▸ WHAT THE TASK ASKS: Could you give back the records exactly, taking out the pictures?
+++ DATA
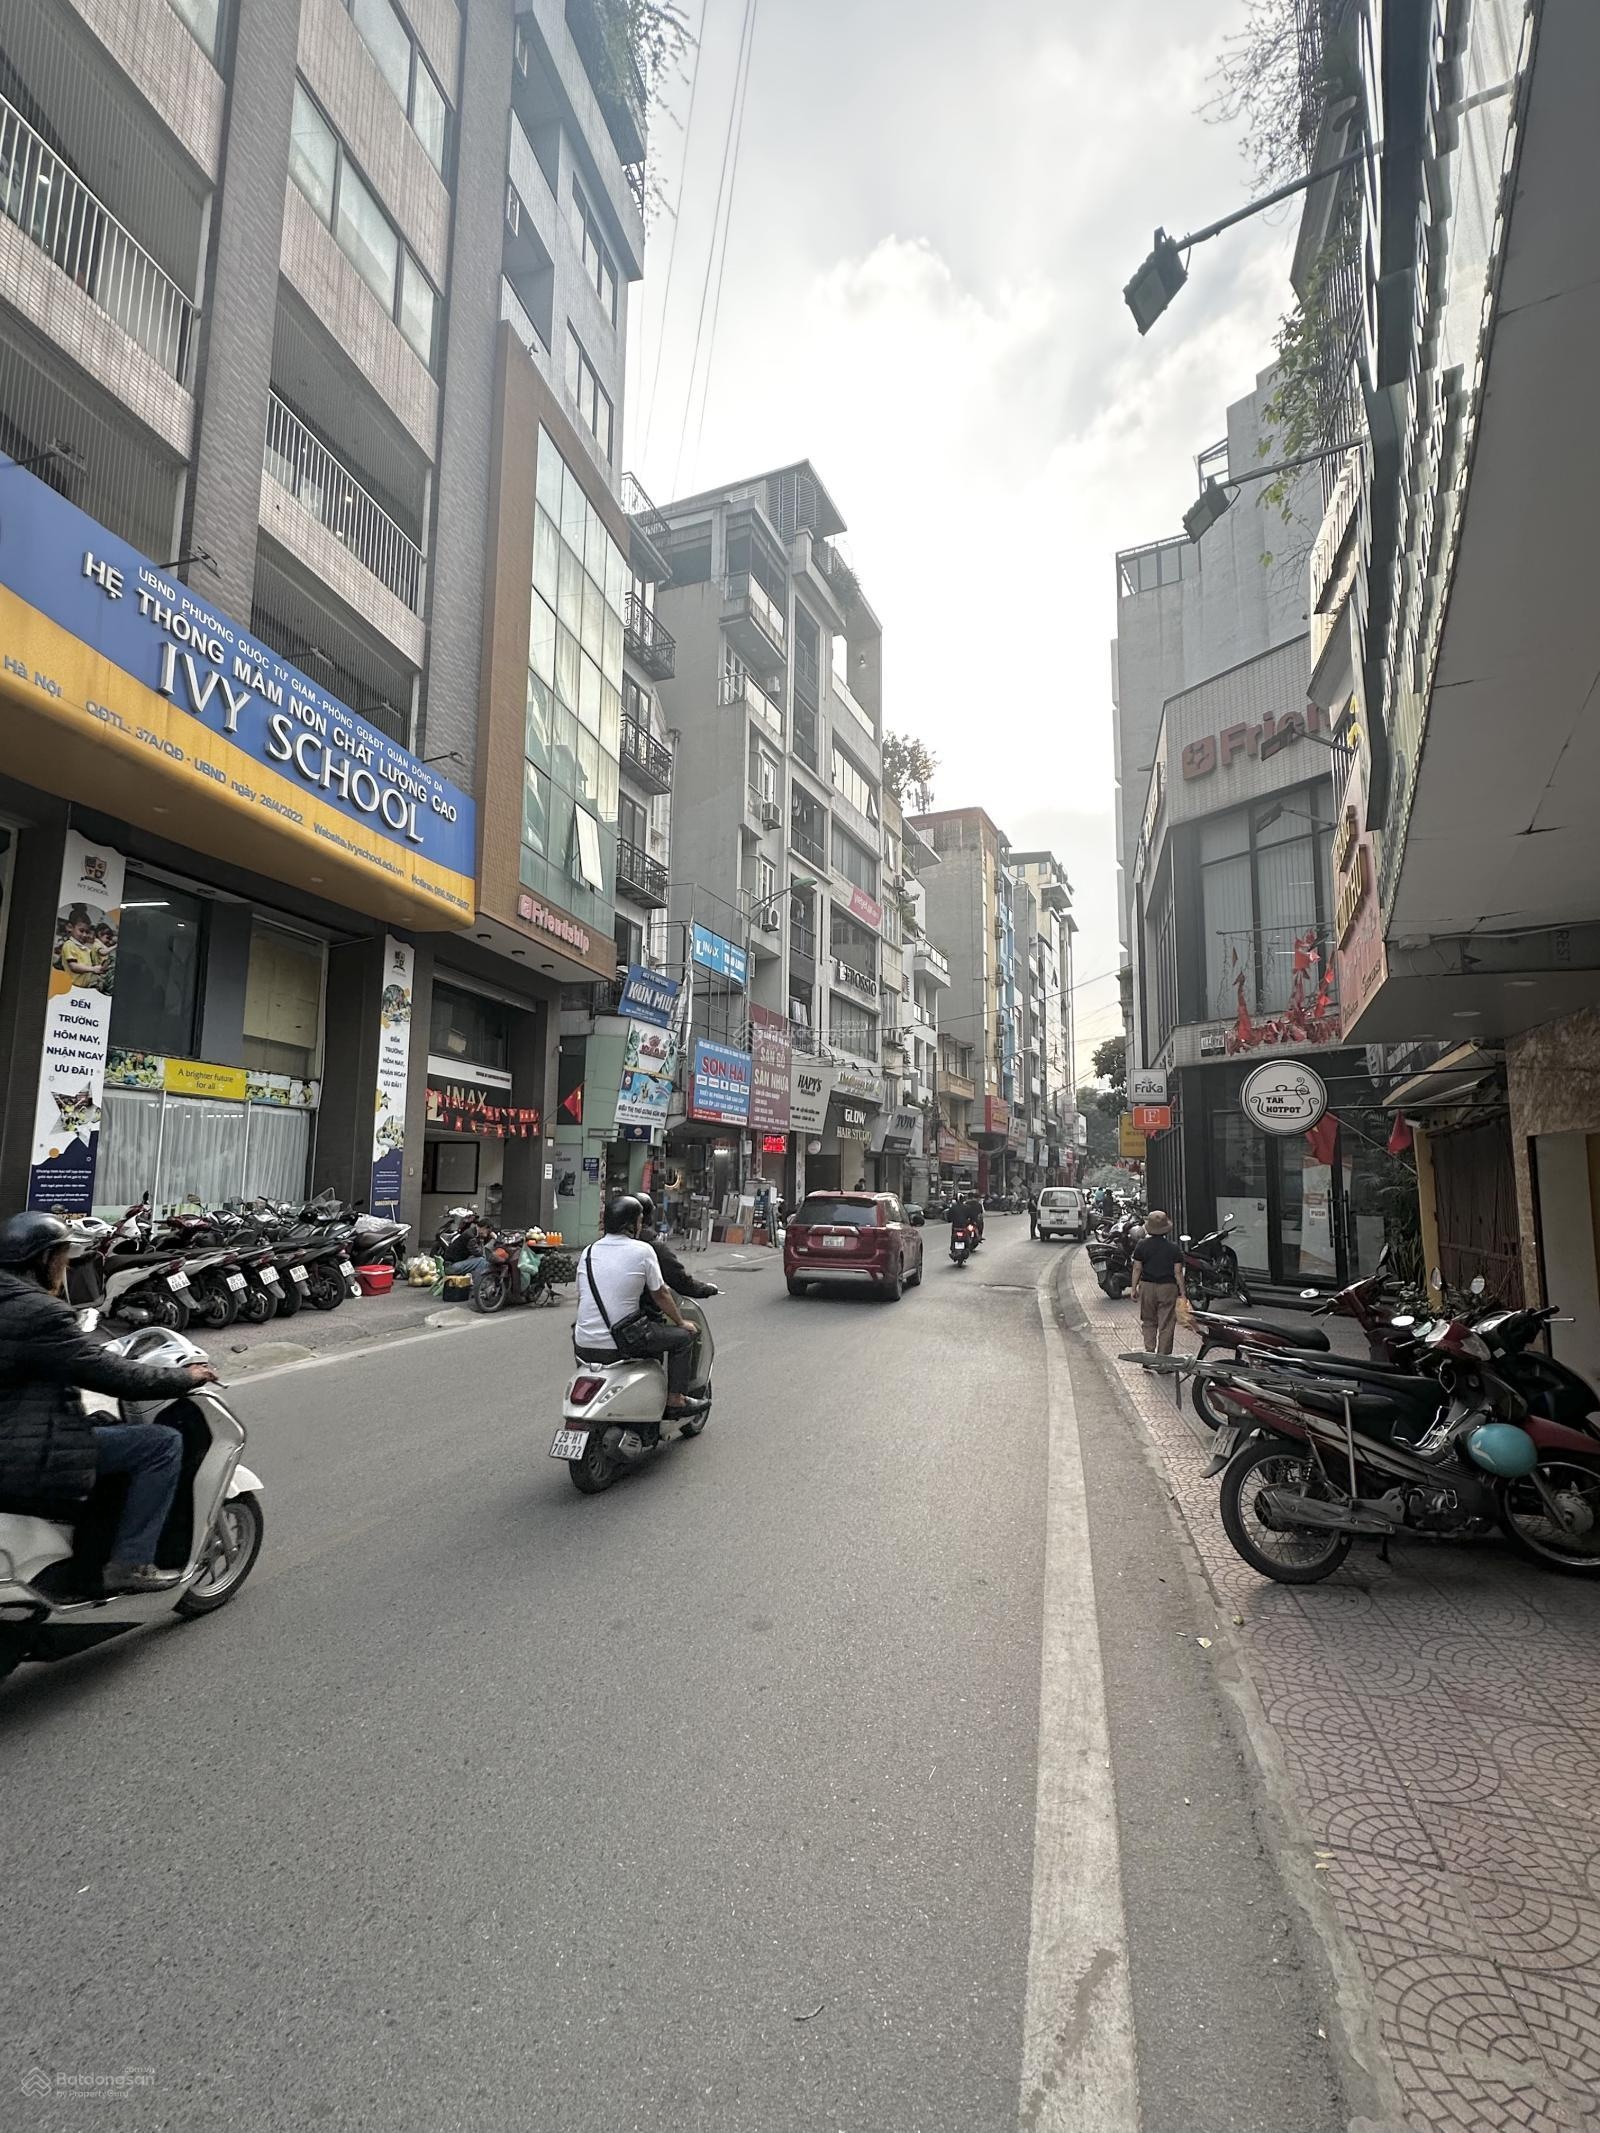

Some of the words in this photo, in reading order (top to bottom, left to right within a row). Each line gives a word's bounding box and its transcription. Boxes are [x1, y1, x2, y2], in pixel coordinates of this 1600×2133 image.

[83, 551, 124, 599] HỆ
[136, 586, 225, 664] THỐNG
[232, 655, 283, 707] MẦM
[289, 697, 327, 736] NON
[333, 725, 375, 767] CHẤT
[378, 760, 428, 803] LƯỢNG
[432, 794, 457, 823] CAO
[139, 566, 176, 602] UBND
[182, 597, 234, 643] PHƯỜNG
[322, 700, 353, 729] PHÒNG
[357, 725, 385, 752] GD&ĐT
[434, 782, 444, 794] ĐA
[4, 656, 28, 680] Hà
[34, 671, 63, 698] Nội
[194, 757, 227, 784] UBND
[231, 779, 257, 802] ngày
[159, 641, 251, 734] IVY
[265, 713, 425, 844] SCHOOL
[530, 899, 590, 956] Friendship
[70, 997, 92, 1010] ĐẾN
[58, 1012, 100, 1028] TRƯỜNG
[52, 1027, 78, 1042] HÔM
[45, 1045, 76, 1060] NHẬN
[77, 1050, 105, 1062] NGAY
[54, 1063, 70, 1075] ƯU
[71, 1063, 88, 1077] ĐÃI
[196, 1080, 207, 1090] for
[207, 1082, 216, 1090] all
[1265, 1096, 1284, 1104] TAK
[844, 1108, 867, 1126] GLOW
[836, 1126, 852, 1139] HAIR
++++++
▸ TASK RESULT:
Some of the words in this photo, in reading order (top to bottom, left to right within a row). Each line gives a word's bounding box and its transcription. Boxes are [x1, y1, x2, y2], in pixel coordinates of this 1600×2133 image.

[83, 551, 124, 599] HỆ
[136, 586, 225, 664] THỐNG
[232, 655, 283, 707] MẦM
[289, 697, 327, 736] NON
[333, 725, 375, 767] CHẤT
[378, 760, 428, 803] LƯỢNG
[432, 794, 457, 823] CAO
[139, 566, 176, 602] UBND
[182, 597, 234, 643] PHƯỜNG
[322, 700, 353, 729] PHÒNG
[357, 725, 385, 752] GD&ĐT
[434, 782, 444, 794] ĐA
[4, 656, 28, 680] Hà
[34, 671, 63, 698] Nội
[194, 757, 227, 784] UBND
[231, 779, 257, 802] ngày
[159, 641, 251, 734] IVY
[265, 713, 425, 844] SCHOOL
[530, 899, 590, 956] Friendship
[70, 997, 92, 1010] ĐẾN
[58, 1012, 100, 1028] TRƯỜNG
[52, 1027, 78, 1042] HÔM
[45, 1045, 76, 1060] NHẬN
[77, 1050, 105, 1062] NGAY
[54, 1063, 70, 1075] ƯU
[71, 1063, 88, 1077] ĐÃI
[196, 1080, 207, 1090] for
[207, 1082, 216, 1090] all
[1265, 1096, 1284, 1104] TAK
[844, 1108, 867, 1126] GLOW
[836, 1126, 852, 1139] HAIR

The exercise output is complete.